From a technical standpoint, Patroniti et al. [30] suggested that the method used to estimate the PEEP volume above FRC with PEEP (long exhalation to ZEEP) may underestimate recruitment because the true FRC may be modified after the use of high PEEP. Therefore, our method might have slightly underestimated recruitment. In the study by Patroniti et al., the error was about 167 ± 78 ml between 5 and 15 cmH2O of PEEP. Such underestimation would not invalidate our results, for the following reasons: (1) any underestimation of absolute recruitment would occur in all patients and, therefore, our method would still separate high and low recruiters; (2) we waited at least 15 s to reach FRC, which should have minimized any differences between the PEEP levels; and (3) low and high PEEP levels were tested in random order. Last, we calculated FRC from EELV and PEEP volume at the two PEEP levels; these two calculations showed no difference between low and high PEEP, suggesting that there was no substantial difference between the two PEEP levels in terms of true FRC.

From a clinical standpoint, we found that ΔEELV/FRC ≥ 73% was an accurate cut-off for separating low from high recruiters when titrating PEEP as described in the EXPRESS trial [16]. This result requires confirmation in a larger population but suggests that our method may hold promise for use at the bedside to help differentiate recruiters from nonrecruiters and, therefore, to better titrate PEEP.

Our study has several limitations. In patients with ALI/ARDS, PEEP-induced alveolar recruitment can be defined as the volume entering the poorly aerated and nonaerated alveolar structures following the PEEP increase. Compared to the reference CT method, the PV curve method has acceptable accuracy. However, the PV curve method can underestimate lung recruitment in patients with focal aeration loss [27]. Furthermore, in contrast to radiological techniques, our method cannot be used to measure end-inspiratory lung volume and, therefore, cannot evaluate intra-tidal strain.

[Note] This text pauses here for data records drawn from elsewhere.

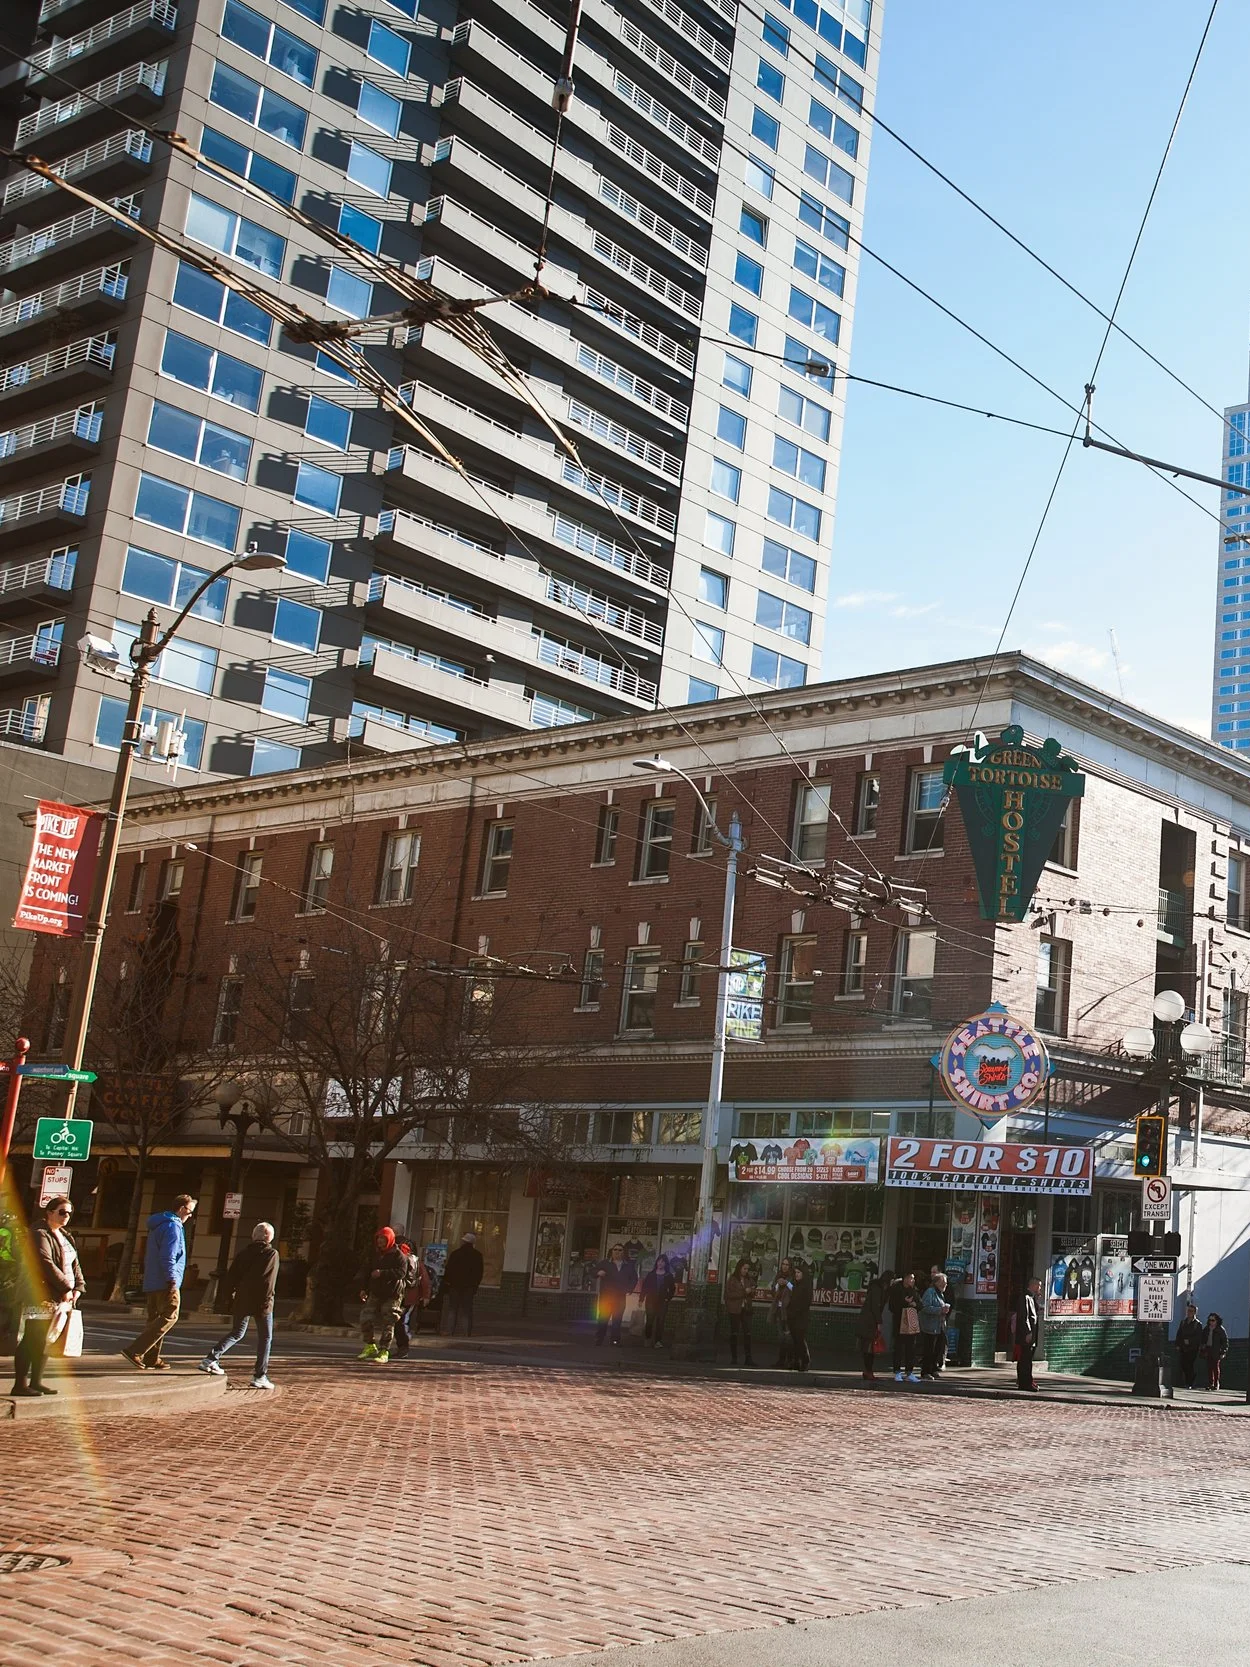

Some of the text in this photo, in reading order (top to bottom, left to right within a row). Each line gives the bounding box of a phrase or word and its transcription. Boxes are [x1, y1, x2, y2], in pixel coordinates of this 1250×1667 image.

[990, 750, 1042, 769] GREEN
[968, 766, 1063, 791] TORTOISE
[40, 814, 79, 837] PIKE UP!
[35, 842, 78, 861] THE NEW
[997, 790, 1025, 917] HOSTEL
[32, 858, 72, 875] MARKET
[28, 870, 63, 888] FRONT
[24, 886, 79, 906] IS COMING!
[19, 911, 63, 928] PikeUp.org
[951, 1018, 1040, 1060] SEATTLE
[949, 1069, 1010, 1111] SHIRT
[893, 1140, 1085, 1177] 2 FOR $10
[754, 1166, 776, 1175] $14.99
[891, 1171, 1086, 1189] 100% COTTON T-SHIRTS
[890, 1179, 966, 1189] PRE-PRINTED
[974, 1183, 1006, 1191] WHITE
[1144, 1261, 1172, 1269] ONE WAY
[832, 1291, 855, 1304] GEAR

Last, our definition of low and high recruiters, based on the median value, was arbitrary and needs to be reevaluated with a large database.

In summary, we demonstrated that simple and relatively accurate bedside methods can be used to assess both alveolar recruitment and strain induced by PEEP. These methods may help to tailor PEEP and ventilation to the needs of individual patients based on the amount of potentially recruitable lung, whose estimation may predict the response to various ventilator settings.